La viuda susurró: "Quiero ir al taller de sedas de Gobolino en unos días para poder devolverle las doscientas onzas de plata a ese joven. Iré a cuidar la tierra mientras estés en la escuela."Zhao Yushun se quedó con una expresión preocupada, sin saber qué decir. Quería decirle a su madre que no quería que se fuera, pero sabía que ella estaba decidida y ninguna persuasión la había logrado convencer en estos años. Muchas suegras, nucas y tías habían intentado persuadirla para que volviera a casarse, pero nunca obtuvo un asentimiento de su parte.
En realidad, él quería atreverse a decirle a su madre: si encuentras una familia que te guste, pues vente. De verdad no le importaría, solo quería que ella estuviera feliz.
Zhao Yushun se puso de pie y miró hacia la muralla de la ciudad, susurrando para sí mismo: "Madre, ¿por qué Dugu Señor viaja a las fronteras del norte?"
Xu Qian negó con la cabeza y no dijo nada.
Solo tres caballos salieron de la frontera sin ningún escolta de caballería. Sin embargo, Shi Qianhao no se preocupaba por eso; con Dugu Yuanding a su lado, y dada la multitud de patrullas y escuadrones que cruzaban el camino hacia la Puerta del Calabazón, estaba seguro de que nada saldría mal. Además, se decía que el Príncipe era un experto que había derrotado a los Jefes del Cuerpo de Caballería Norte y al Gran Señor de la Tribu Ruan, ¿quién se atrevería a hacer algo descabellado aquí?
Dugu Fengnian no sabía por qué detuvo su caballo. Se inclinó sobre él y miró hacia el sur, donde el Fortín del Caballo Inverso solo era un punto negro en su campo de visión. Dugu Fengnian levantó la cabeza, inhaló profundamente, cerró los ojos. La primavera había traído un sol cálido; sin viento ni nieve, y el mundo parecía sereno y pacífico.
Antes de partir hacia el Norte Mán, se había deshecho del alcohol con Dugu Shaos en la cima del Monte Qingliang, confiado en su borrachera y hablando con franqueza: "Ya estoy viejo, pero no me mueras en secreto".
Dugu Shaos asintió con entusiasmo, asegurándole que todavía no había nietos y que no quería morir. Se burló diciendo que no se atreverían a arrebatarle la vida al gran Dugu Shaos.
Sin embargo, Dugu Fengnian vio el envejecimiento de su padre con sus propios ojos cada día; cada día más evidente, hasta el punto de que subir juntos las montañas les exigía descansos.
La mayoría de los jóvenes no podrían imaginar la vejez de sus padres hasta que experimentaran eso por sí mismos.
Dugu Fengnian abrió los ojos y continuó cabalgando hacia el norte.
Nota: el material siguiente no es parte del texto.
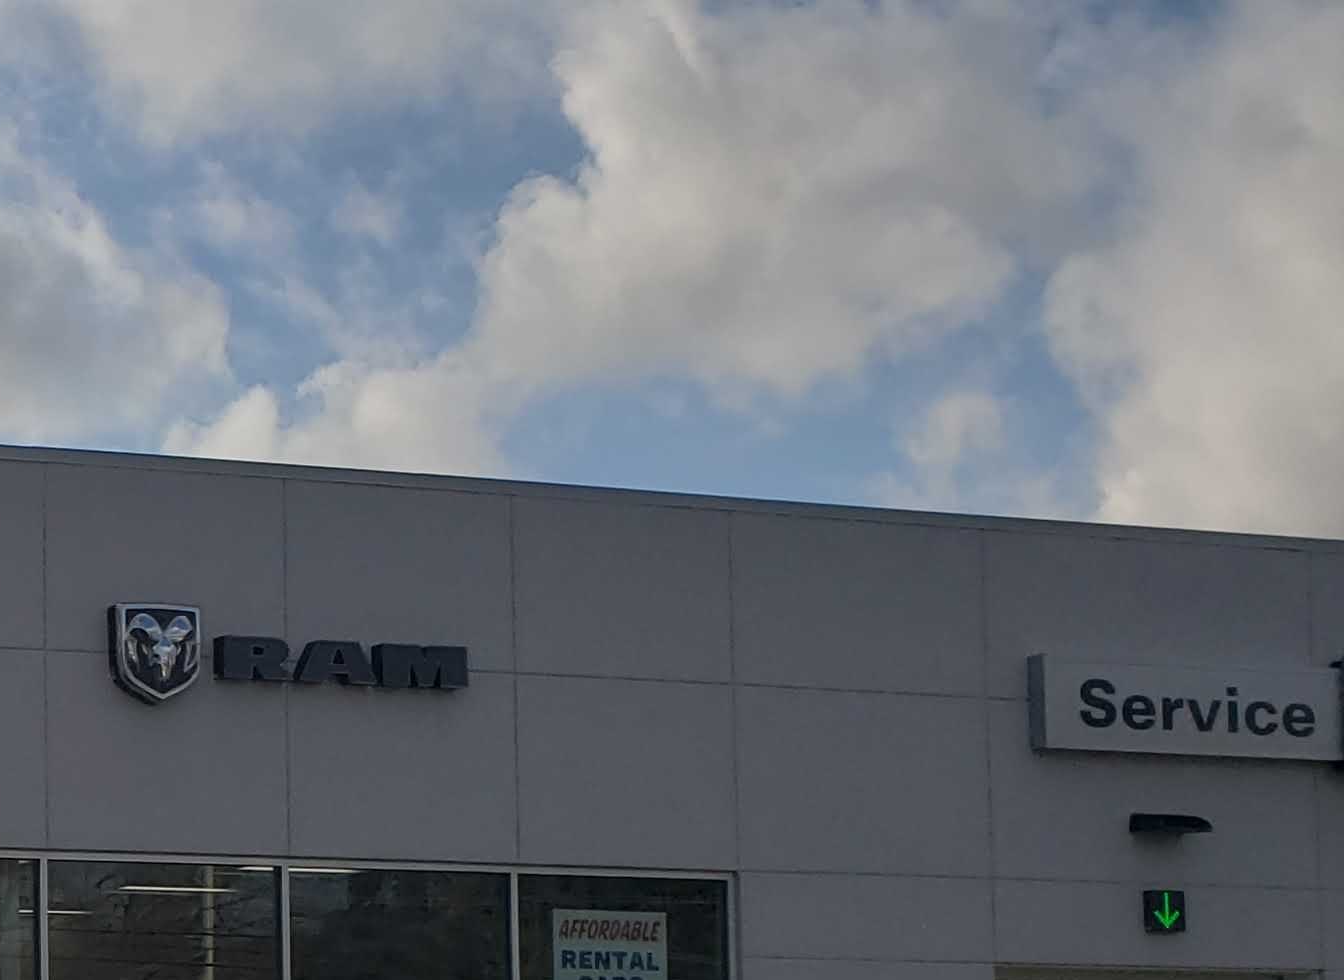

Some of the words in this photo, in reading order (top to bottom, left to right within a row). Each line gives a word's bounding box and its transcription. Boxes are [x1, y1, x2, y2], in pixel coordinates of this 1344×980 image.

[213, 634, 470, 690] RAM
[1079, 678, 1316, 738] Service
[559, 919, 661, 943] AFFORDABLE
[562, 950, 660, 972] RENTAL
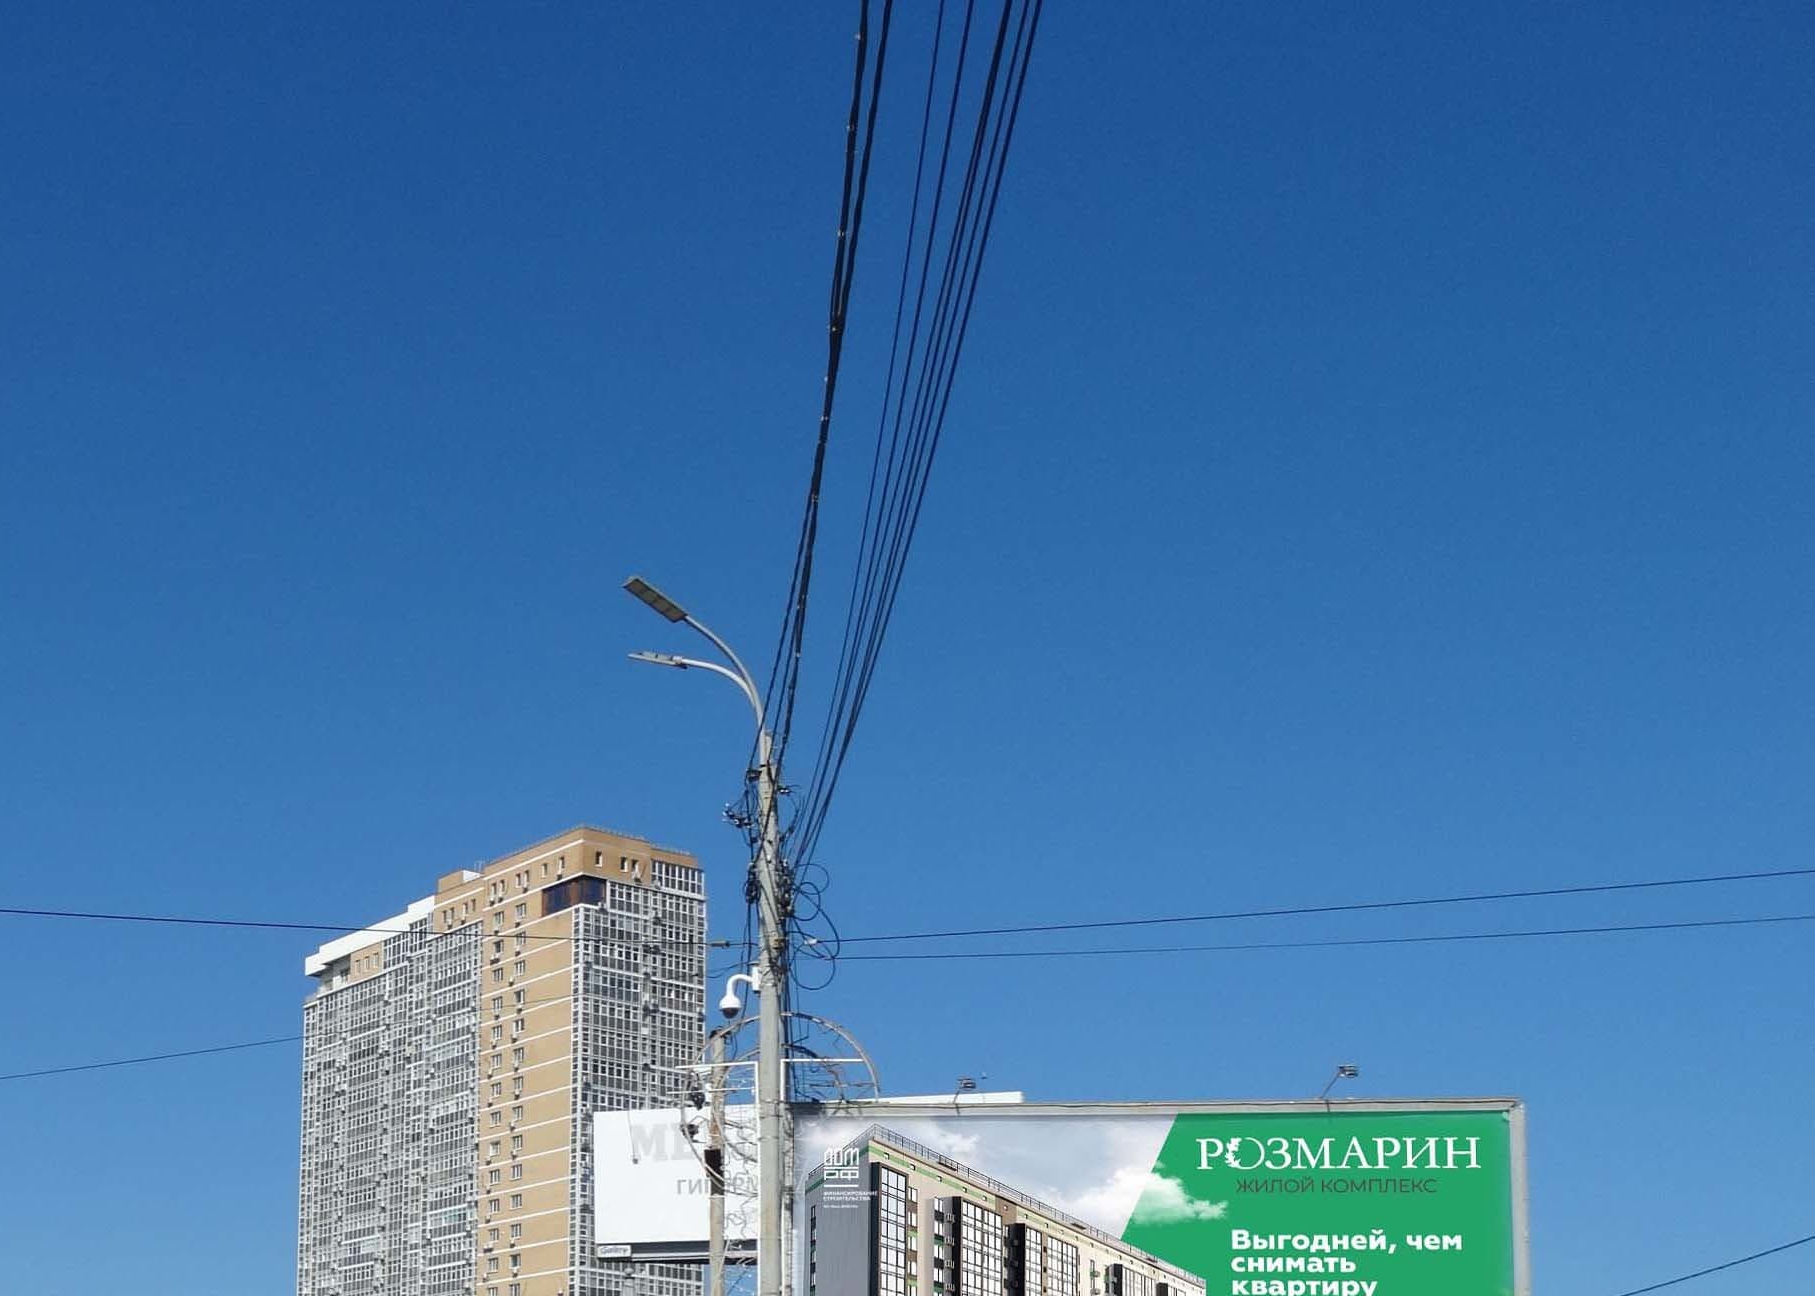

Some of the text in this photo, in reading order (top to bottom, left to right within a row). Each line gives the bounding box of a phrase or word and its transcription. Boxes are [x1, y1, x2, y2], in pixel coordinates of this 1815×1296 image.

[1196, 1136, 1481, 1170] РОЗМАРИН
[1236, 1176, 1438, 1194] ЖИЛОЙ КОМПЛЕКС
[1231, 1229, 1463, 1254] Выгодней, чем
[1230, 1256, 1356, 1274] снимать
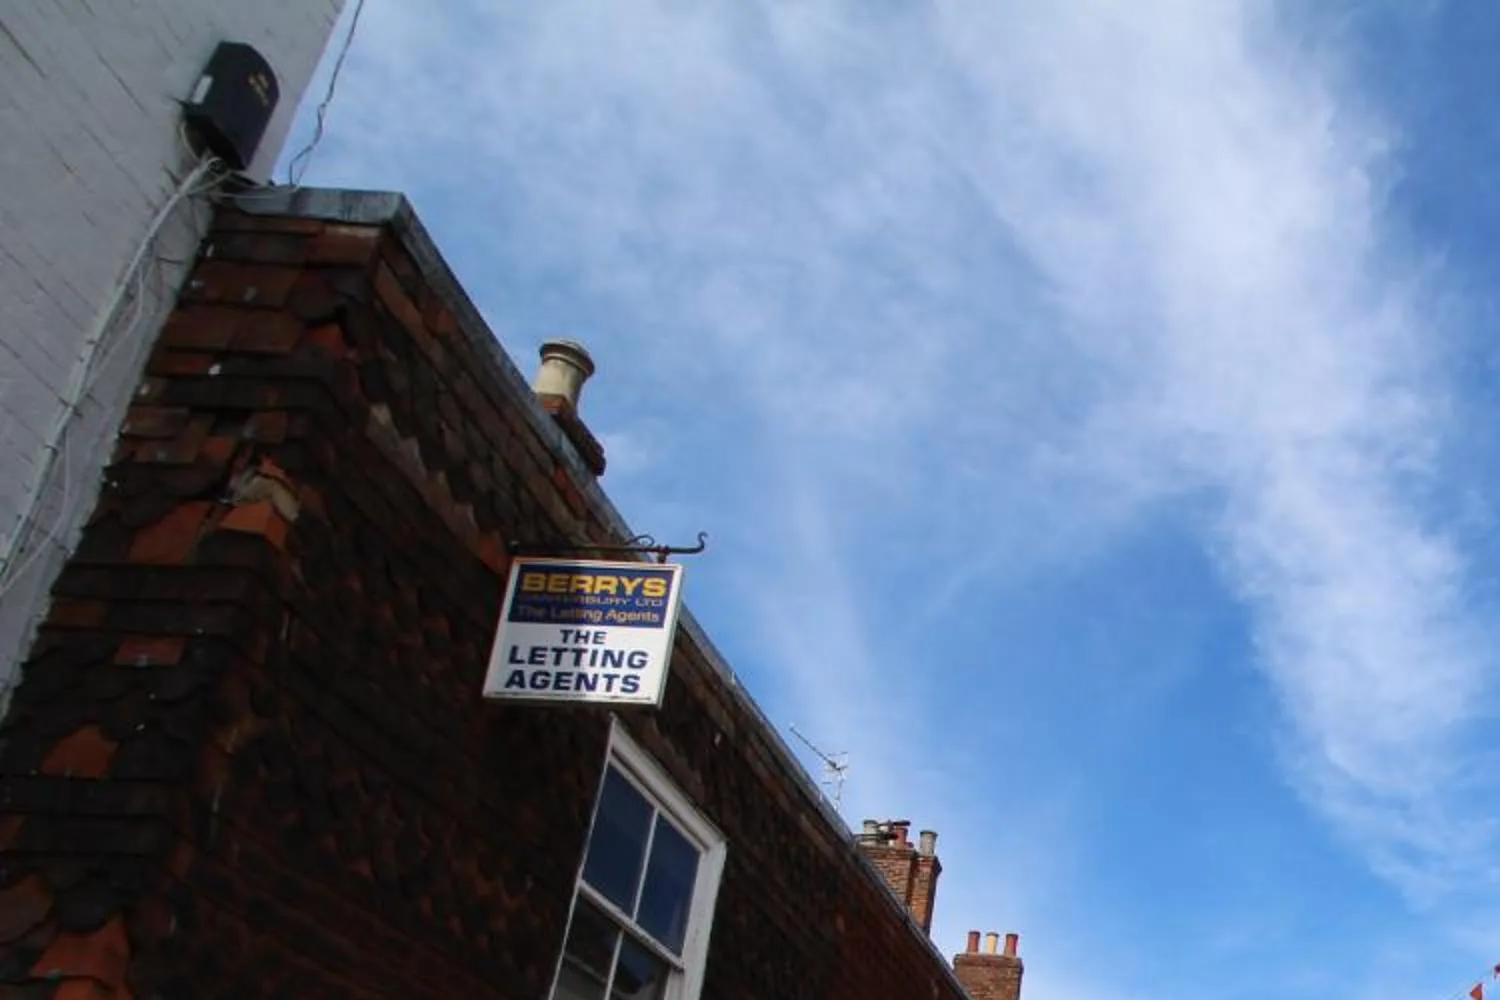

Al final, tenía a casi diez mil caballos del ejército de Noriega esperándole para la gran revisión de tropas.
Había una frase que Dugu Fengnian nunca le había dicho a nadie, ni siquiera a Dugu Shaos: "Si un día Noriega es pisoteada por las monturas de el Norte Mán, yo estaré muerto en las fronteras".
Moriría al norte del sepulcro de su padre.